(Data excerpts)
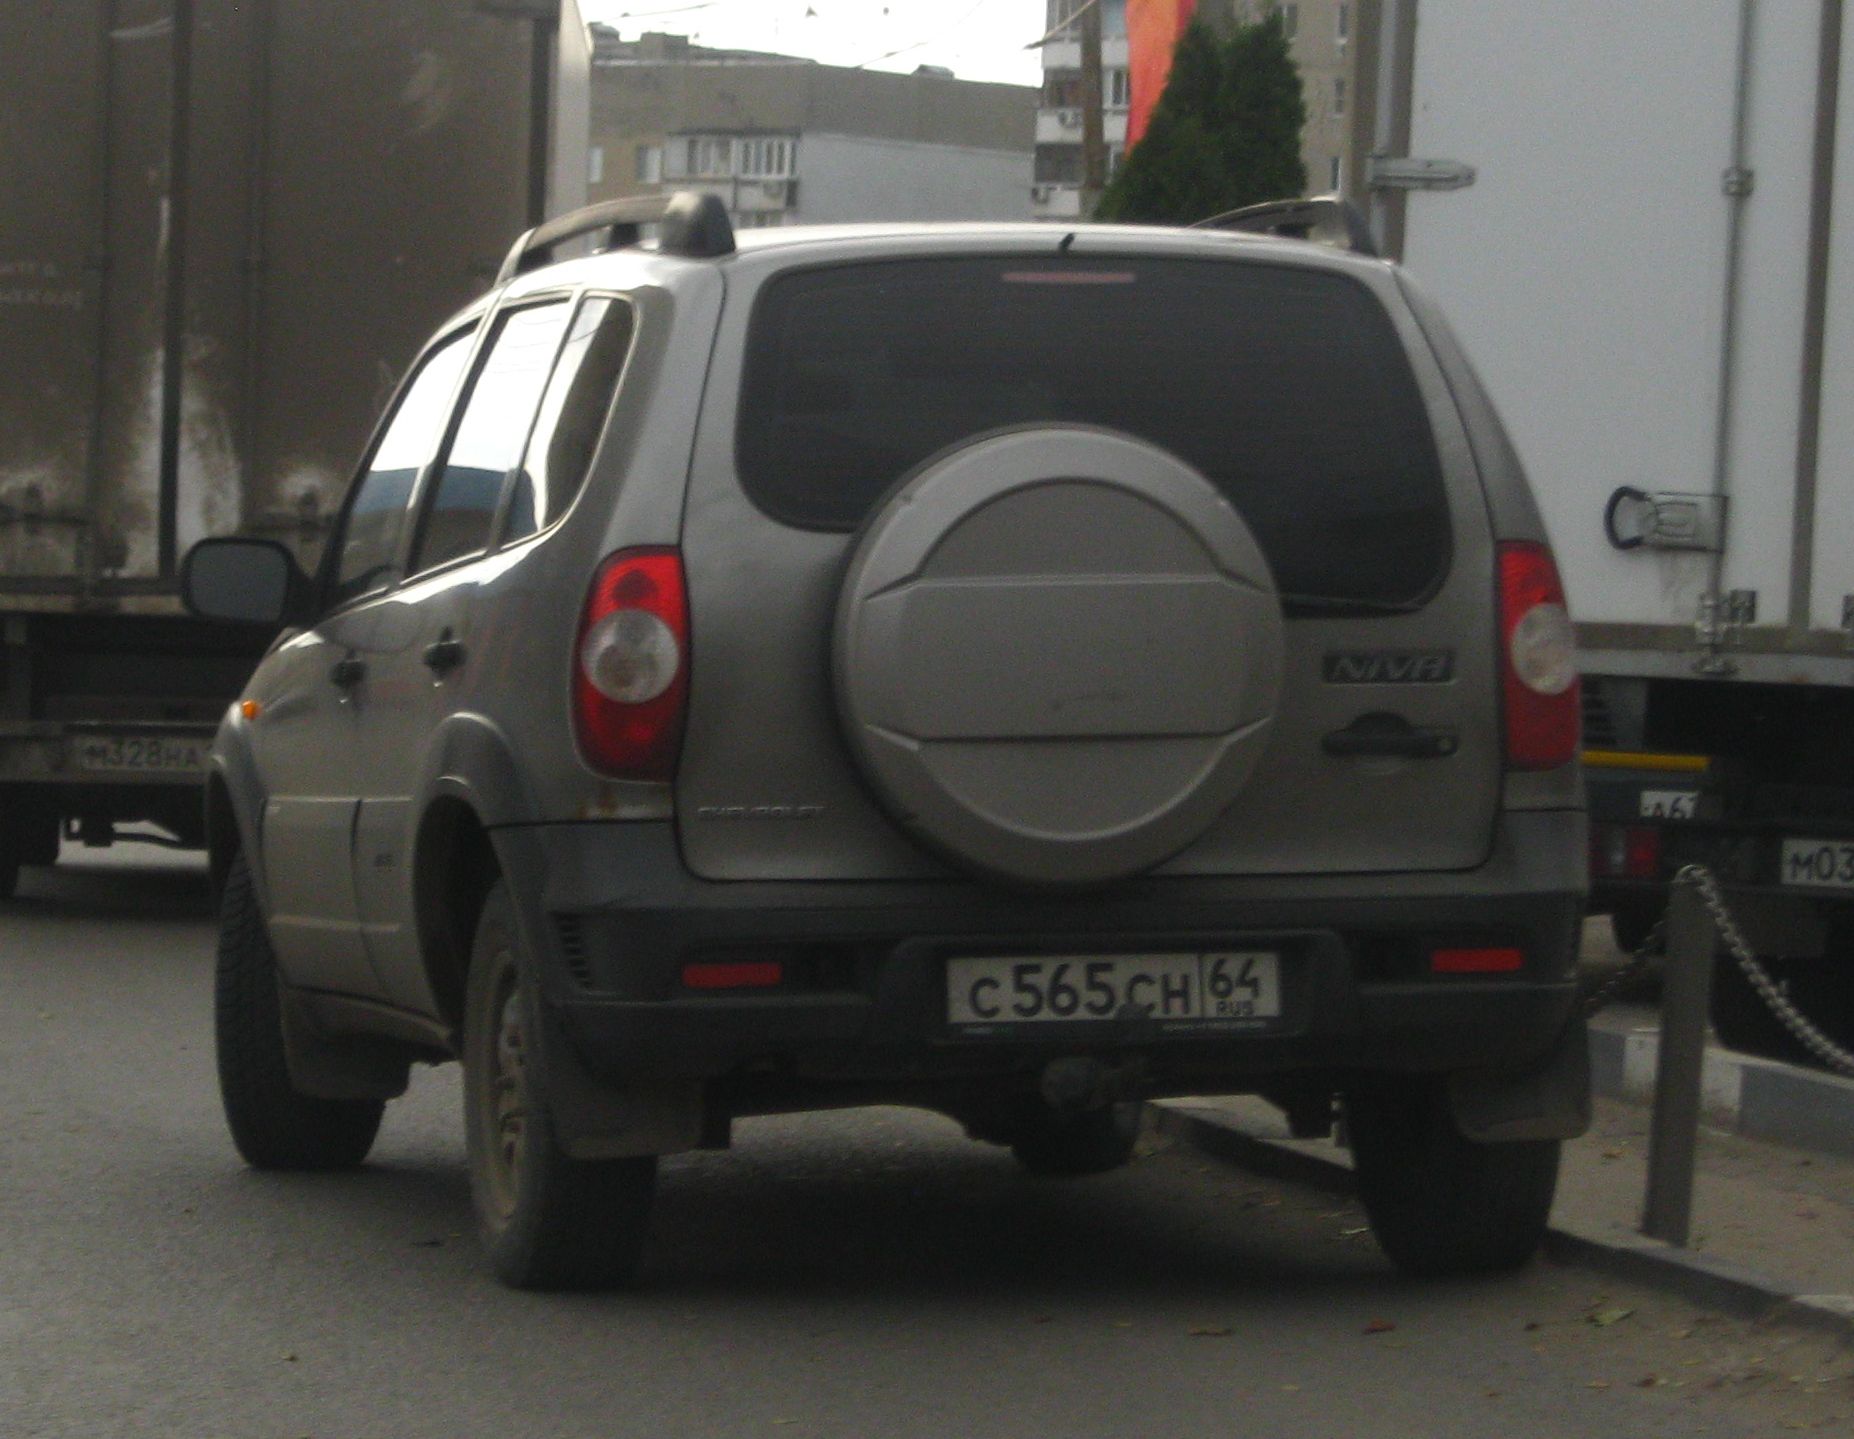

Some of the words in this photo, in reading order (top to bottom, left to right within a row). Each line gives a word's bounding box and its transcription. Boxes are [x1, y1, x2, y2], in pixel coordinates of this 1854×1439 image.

[1330, 654, 1447, 680] NIVA
[968, 962, 1190, 1019] C565CH
[1208, 957, 1260, 999] 64
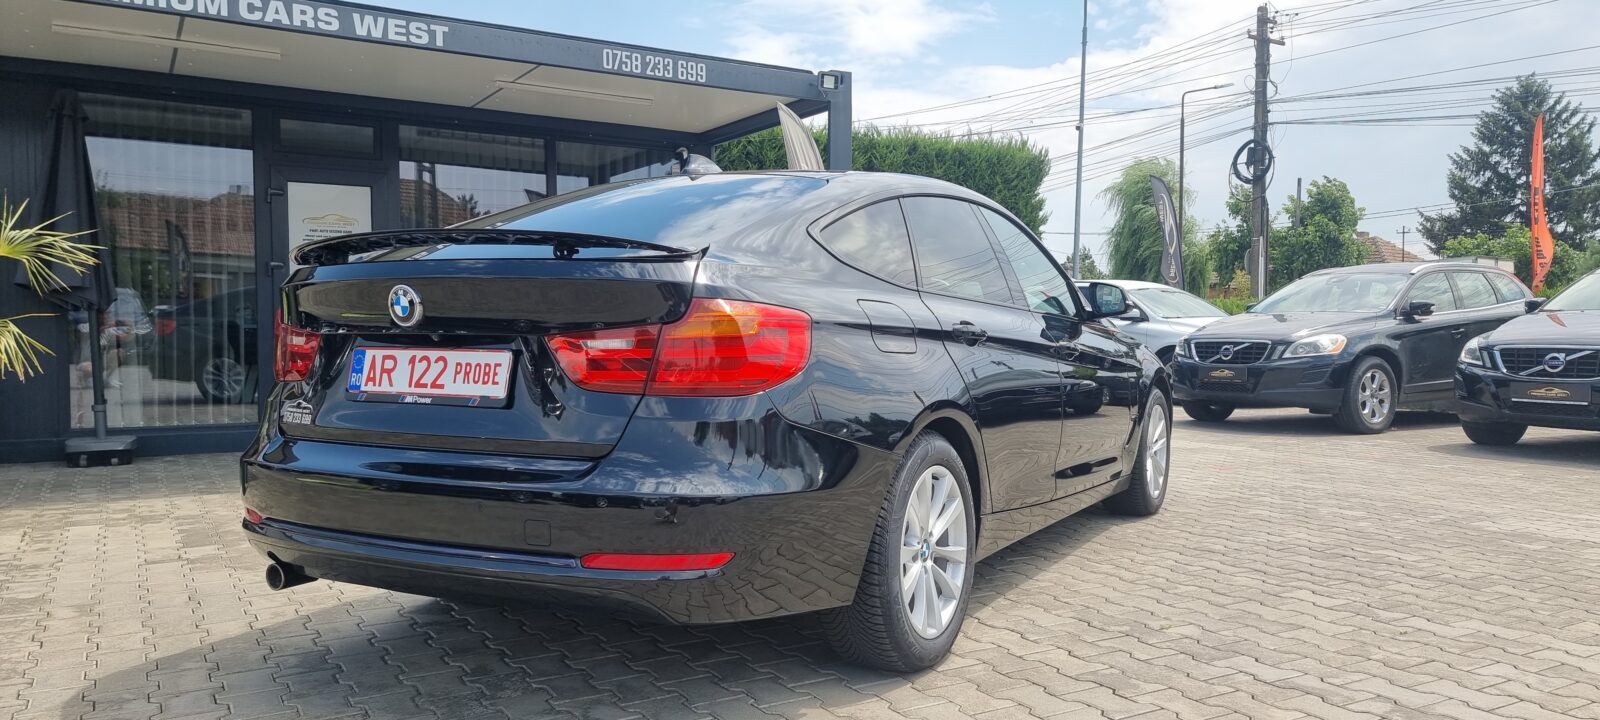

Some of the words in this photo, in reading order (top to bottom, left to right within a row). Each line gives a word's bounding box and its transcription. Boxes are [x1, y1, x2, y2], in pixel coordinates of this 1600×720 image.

[238, 0, 340, 31] CARS
[352, 12, 449, 47] WEST
[603, 49, 642, 73] 0758
[646, 56, 673, 78] 233
[678, 61, 706, 83] 699
[350, 372, 362, 386] RO
[363, 354, 398, 388] AR
[407, 354, 449, 390] 122
[452, 361, 502, 386] PROBE
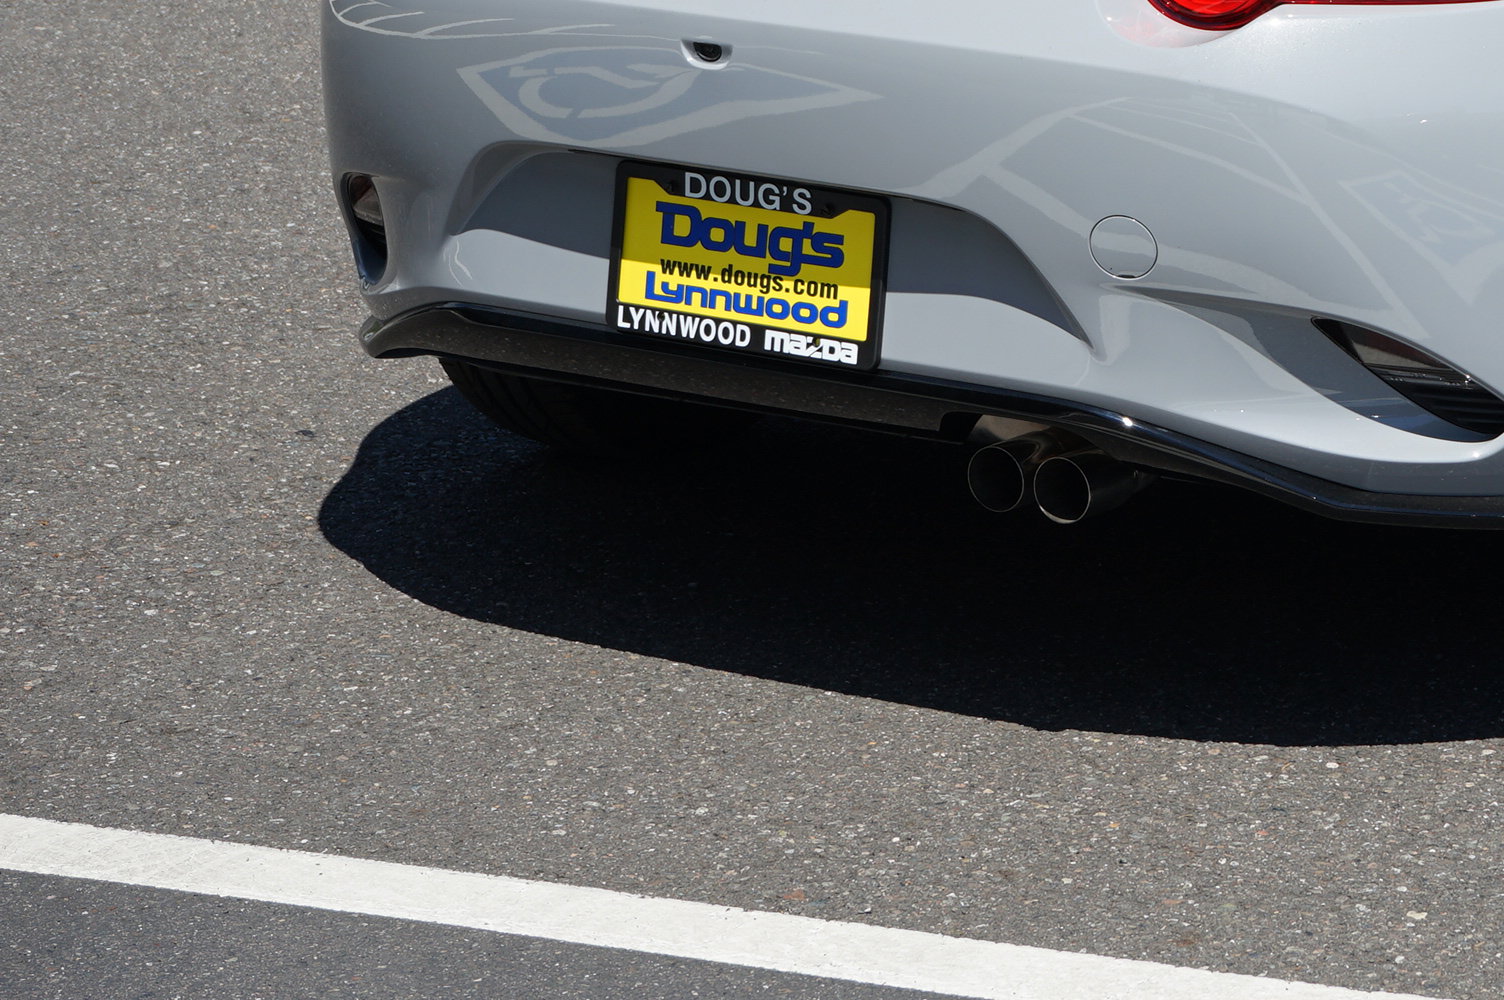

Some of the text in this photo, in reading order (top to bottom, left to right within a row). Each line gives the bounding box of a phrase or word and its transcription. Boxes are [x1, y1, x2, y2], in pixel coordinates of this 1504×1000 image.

ABOUT THIS TASK: Retype the records above line for line and exactly, omitting their pictures.

ANSWER:
Some of the words in this photo, in reading order (top to bottom, left to right within a row). Each line gives a word's bounding box and its transcription. Boxes are [x1, y1, x2, y2], in pixel coordinates of this 1854×1439 image.

[1330, 654, 1447, 680] NIVA
[968, 962, 1190, 1019] C565CH
[1208, 957, 1260, 999] 64

Some of the words in this photo, in reading order (top to bottom, left to right within a row). Each line gives a word's bounding box and its transcription. Boxes are [x1, y1, x2, y2], in pixel coordinates of this 1600×720 image.

[238, 0, 340, 31] CARS
[352, 12, 449, 47] WEST
[603, 49, 642, 73] 0758
[646, 56, 673, 78] 233
[678, 61, 706, 83] 699
[350, 372, 362, 386] RO
[363, 354, 398, 388] AR
[407, 354, 449, 390] 122
[452, 361, 502, 386] PROBE

Some of the text in this photo, in reading order (top to bottom, left to right within a row). Each line gives the bounding box of a phrase or word and its transcription. Boxes are [x1, y1, x2, y2], in pixel coordinates of this 1504×1000 image.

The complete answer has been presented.